* _Work to be completed_
An exact copy of the entries below is the expected answer.

* _Data to use_

:::

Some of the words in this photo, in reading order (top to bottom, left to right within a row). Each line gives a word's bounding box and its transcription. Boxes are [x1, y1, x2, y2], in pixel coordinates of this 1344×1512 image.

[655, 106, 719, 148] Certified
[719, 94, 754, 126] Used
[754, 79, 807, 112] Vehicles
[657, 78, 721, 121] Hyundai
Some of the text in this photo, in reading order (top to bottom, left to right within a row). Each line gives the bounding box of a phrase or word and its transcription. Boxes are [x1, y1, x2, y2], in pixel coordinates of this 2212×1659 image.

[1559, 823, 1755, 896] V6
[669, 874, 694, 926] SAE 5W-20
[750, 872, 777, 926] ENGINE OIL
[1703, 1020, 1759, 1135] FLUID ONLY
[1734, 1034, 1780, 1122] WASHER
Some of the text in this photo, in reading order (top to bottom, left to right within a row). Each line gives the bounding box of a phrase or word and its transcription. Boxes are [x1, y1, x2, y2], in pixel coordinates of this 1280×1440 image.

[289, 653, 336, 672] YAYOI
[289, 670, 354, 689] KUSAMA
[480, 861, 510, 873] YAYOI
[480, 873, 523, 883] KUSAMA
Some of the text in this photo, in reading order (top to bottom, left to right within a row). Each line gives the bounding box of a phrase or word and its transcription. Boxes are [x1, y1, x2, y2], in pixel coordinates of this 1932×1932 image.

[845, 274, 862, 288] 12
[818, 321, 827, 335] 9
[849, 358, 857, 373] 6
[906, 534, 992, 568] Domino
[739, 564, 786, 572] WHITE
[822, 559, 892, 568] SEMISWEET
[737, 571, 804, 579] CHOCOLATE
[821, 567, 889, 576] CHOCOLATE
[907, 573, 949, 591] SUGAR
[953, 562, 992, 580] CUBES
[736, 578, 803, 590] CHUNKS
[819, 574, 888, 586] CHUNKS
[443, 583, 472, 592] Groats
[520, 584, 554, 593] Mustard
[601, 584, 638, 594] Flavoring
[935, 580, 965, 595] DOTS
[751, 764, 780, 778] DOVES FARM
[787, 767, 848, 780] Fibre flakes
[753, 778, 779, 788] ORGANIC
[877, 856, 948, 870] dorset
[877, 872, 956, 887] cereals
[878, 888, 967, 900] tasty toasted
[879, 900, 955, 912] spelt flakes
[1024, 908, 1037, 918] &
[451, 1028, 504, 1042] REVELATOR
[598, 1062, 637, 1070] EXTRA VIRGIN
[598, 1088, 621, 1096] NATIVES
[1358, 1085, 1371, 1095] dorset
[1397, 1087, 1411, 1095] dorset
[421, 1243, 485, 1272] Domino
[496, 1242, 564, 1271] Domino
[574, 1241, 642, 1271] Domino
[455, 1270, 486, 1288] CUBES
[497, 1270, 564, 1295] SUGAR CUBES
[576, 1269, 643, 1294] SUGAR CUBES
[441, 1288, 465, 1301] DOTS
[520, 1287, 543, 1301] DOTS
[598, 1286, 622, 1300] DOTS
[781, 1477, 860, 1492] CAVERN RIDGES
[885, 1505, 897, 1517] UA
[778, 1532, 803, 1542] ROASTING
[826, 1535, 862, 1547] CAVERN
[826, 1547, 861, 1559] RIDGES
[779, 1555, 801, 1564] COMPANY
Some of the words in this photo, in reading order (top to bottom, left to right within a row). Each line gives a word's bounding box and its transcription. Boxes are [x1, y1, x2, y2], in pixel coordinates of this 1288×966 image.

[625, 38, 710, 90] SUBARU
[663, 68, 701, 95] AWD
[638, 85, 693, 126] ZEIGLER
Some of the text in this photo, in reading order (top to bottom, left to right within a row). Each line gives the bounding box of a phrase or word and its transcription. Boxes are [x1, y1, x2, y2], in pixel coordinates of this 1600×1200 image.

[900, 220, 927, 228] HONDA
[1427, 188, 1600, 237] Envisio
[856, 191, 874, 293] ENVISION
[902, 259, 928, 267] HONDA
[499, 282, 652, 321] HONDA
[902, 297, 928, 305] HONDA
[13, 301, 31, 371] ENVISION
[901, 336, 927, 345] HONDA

:::

* _The completed task_
Some of the words in this photo, in reading order (top to bottom, left to right within a row). Each line gives a word's bounding box and its transcription. Boxes are [x1, y1, x2, y2], in pixel coordinates of this 1344×1512 image.

[655, 106, 719, 148] Certified
[719, 94, 754, 126] Used
[754, 79, 807, 112] Vehicles
[657, 78, 721, 121] Hyundai
Some of the text in this photo, in reading order (top to bottom, left to right within a row). Each line gives the bounding box of a phrase or word and its transcription. Boxes are [x1, y1, x2, y2], in pixel coordinates of this 2212×1659 image.

[1559, 823, 1755, 896] V6
[669, 874, 694, 926] SAE 5W-20
[750, 872, 777, 926] ENGINE OIL
[1703, 1020, 1759, 1135] FLUID ONLY
[1734, 1034, 1780, 1122] WASHER
Some of the text in this photo, in reading order (top to bottom, left to right within a row). Each line gives the bounding box of a phrase or word and its transcription. Boxes are [x1, y1, x2, y2], in pixel coordinates of this 1280×1440 image.

[289, 653, 336, 672] YAYOI
[289, 670, 354, 689] KUSAMA
[480, 861, 510, 873] YAYOI
[480, 873, 523, 883] KUSAMA
Some of the text in this photo, in reading order (top to bottom, left to right within a row). Each line gives the bounding box of a phrase or word and its transcription. Boxes are [x1, y1, x2, y2], in pixel coordinates of this 1932×1932 image.

[845, 274, 862, 288] 12
[818, 321, 827, 335] 9
[849, 358, 857, 373] 6
[906, 534, 992, 568] Domino
[739, 564, 786, 572] WHITE
[822, 559, 892, 568] SEMISWEET
[737, 571, 804, 579] CHOCOLATE
[821, 567, 889, 576] CHOCOLATE
[907, 573, 949, 591] SUGAR
[953, 562, 992, 580] CUBES
[736, 578, 803, 590] CHUNKS
[819, 574, 888, 586] CHUNKS
[443, 583, 472, 592] Groats
[520, 584, 554, 593] Mustard
[601, 584, 638, 594] Flavoring
[935, 580, 965, 595] DOTS
[751, 764, 780, 778] DOVES FARM
[787, 767, 848, 780] Fibre flakes
[753, 778, 779, 788] ORGANIC
[877, 856, 948, 870] dorset
[877, 872, 956, 887] cereals
[878, 888, 967, 900] tasty toasted
[879, 900, 955, 912] spelt flakes
[1024, 908, 1037, 918] &
[451, 1028, 504, 1042] REVELATOR
[598, 1062, 637, 1070] EXTRA VIRGIN
[598, 1088, 621, 1096] NATIVES
[1358, 1085, 1371, 1095] dorset
[1397, 1087, 1411, 1095] dorset
[421, 1243, 485, 1272] Domino
[496, 1242, 564, 1271] Domino
[574, 1241, 642, 1271] Domino
[455, 1270, 486, 1288] CUBES
[497, 1270, 564, 1295] SUGAR CUBES
[576, 1269, 643, 1294] SUGAR CUBES
[441, 1288, 465, 1301] DOTS
[520, 1287, 543, 1301] DOTS
[598, 1286, 622, 1300] DOTS
[781, 1477, 860, 1492] CAVERN RIDGES
[885, 1505, 897, 1517] UA
[778, 1532, 803, 1542] ROASTING
[826, 1535, 862, 1547] CAVERN
[826, 1547, 861, 1559] RIDGES
[779, 1555, 801, 1564] COMPANY
Some of the words in this photo, in reading order (top to bottom, left to right within a row). Each line gives a word's bounding box and its transcription. Boxes are [x1, y1, x2, y2], in pixel coordinates of this 1288×966 image.

[625, 38, 710, 90] SUBARU
[663, 68, 701, 95] AWD
[638, 85, 693, 126] ZEIGLER
Some of the text in this photo, in reading order (top to bottom, left to right within a row). Each line gives the bounding box of a phrase or word and its transcription. Boxes are [x1, y1, x2, y2], in pixel coordinates of this 1600×1200 image.

[900, 220, 927, 228] HONDA
[1427, 188, 1600, 237] Envisio
[856, 191, 874, 293] ENVISION
[902, 259, 928, 267] HONDA
[499, 282, 652, 321] HONDA
[902, 297, 928, 305] HONDA
[13, 301, 31, 371] ENVISION
[901, 336, 927, 345] HONDA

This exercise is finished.